Computational analysis of PRO-, ChIP-, and ATAC-seq peak calls and machine learning, enhancer activity prediction

Signal at PRO-, ChIP-, and ATAC-seq peak calls was quantified using the R package bigWig [60]. ATAC and PRO-seq reads of 12 and 20 h embryos where normalized to reads per million per base. For ATAC-seq peak calls, any overlapping peaks were merged prior to analysis. Density plots used R lift posted in StackOverflow [61]. Overlaps among PRO-, ChIP-, and ATAC-seq peak calls were analyzed and illustrated with ChIPpeakAnno [62] using default parameters. Promoters are defined as the 200 bp region centered at the 5′ end of transcript based gene models, which are a better approximations than GLEAN models [36]. For all data sets, reads from different replicates were merged into single bigwig files and reads computed at peak calls and dREG predictions using the bigWig interface [60].
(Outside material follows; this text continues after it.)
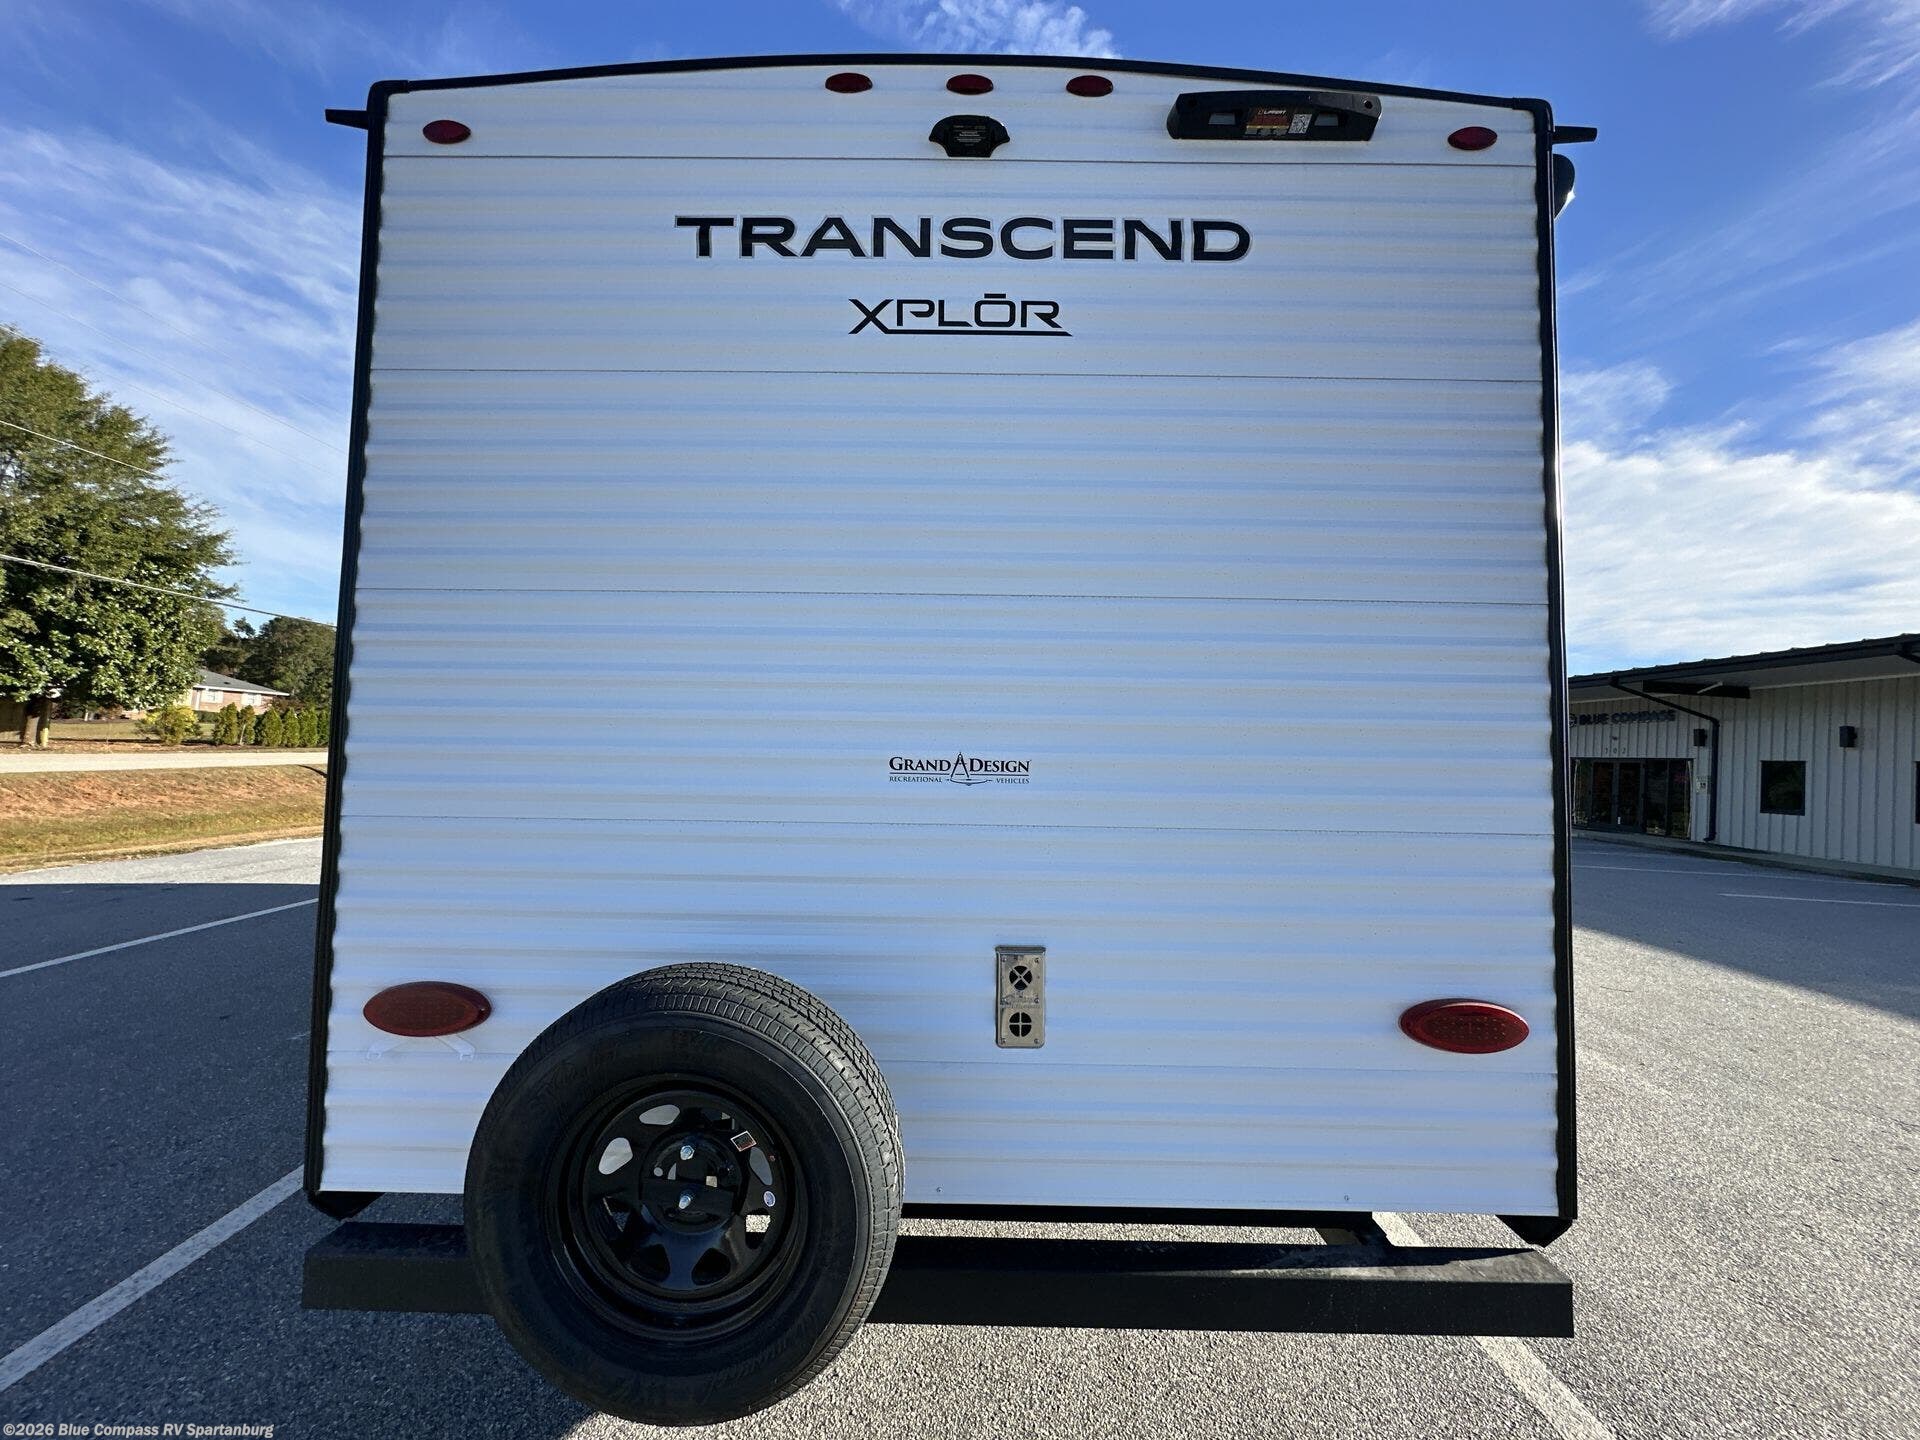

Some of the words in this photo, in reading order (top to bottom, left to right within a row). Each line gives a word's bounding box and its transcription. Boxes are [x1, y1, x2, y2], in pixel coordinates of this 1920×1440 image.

Using bedtools [63], the intersections between dREG predictions and CRMs were merged, to correct for CRM overlaps, and then extended 50 bp, to compute the pause associated PRO-seq reads oftentimes extending beyond the raw dREG prediction. The total number of 3′ end reads in the plus and minus strand and the summit for each TRE prediction was estimated with the sum and max parameters of the bigWig query function. Similar analysis was performed for the reads per base for the intersection with ATAC- and Pol II ChIP peaks, without the 50 bp extension. Graphics were elaborated with ggplot and tidyverse [64].

The package caret was used for the optimization, test and evaluation of classification and regression models [65]. Logistic classification and linear regression models were fitted and tested by 5 fold cross-validation with stratified sampling repeated 200 times. The package precrec [66] was used to generate ROCs and PRCs.